Exercise prompt.
Every record below should be written out exactly; pictures stay out.

Given records below:

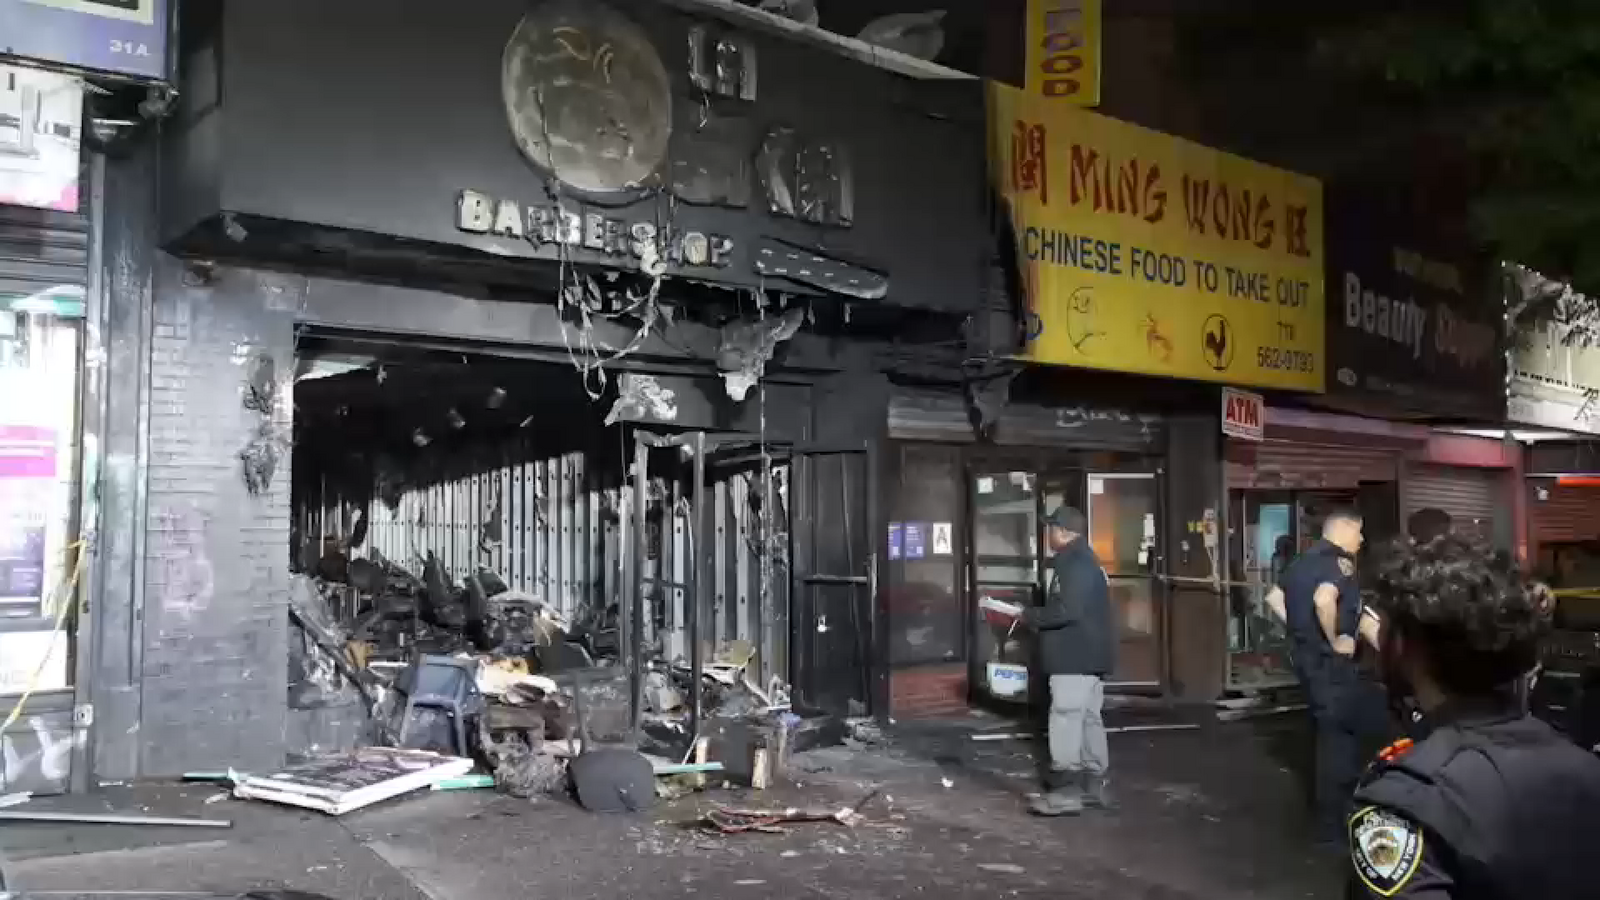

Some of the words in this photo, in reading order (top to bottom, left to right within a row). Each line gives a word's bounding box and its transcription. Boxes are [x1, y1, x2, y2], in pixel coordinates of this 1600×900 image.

[1069, 143, 1167, 224] MING
[1182, 173, 1275, 250] WONG
[1024, 225, 1122, 275] CHINESE
[1131, 246, 1186, 287] FOOD
[1193, 259, 1218, 292] TO
[1225, 267, 1270, 302] TAKE
[1276, 277, 1309, 307] OUT
[1345, 271, 1427, 361] Beauty
[1226, 397, 1259, 428] ATM
[936, 526, 949, 551] A

End of Given records.

Task response.
Some of the words in this photo, in reading order (top to bottom, left to right within a row). Each line gives a word's bounding box and its transcription. Boxes are [x1, y1, x2, y2], in pixel coordinates of this 1600×900 image.

[1069, 143, 1167, 224] MING
[1182, 173, 1275, 250] WONG
[1024, 225, 1122, 275] CHINESE
[1131, 246, 1186, 287] FOOD
[1193, 259, 1218, 292] TO
[1225, 267, 1270, 302] TAKE
[1276, 277, 1309, 307] OUT
[1345, 271, 1427, 361] Beauty
[1226, 397, 1259, 428] ATM
[936, 526, 949, 551] A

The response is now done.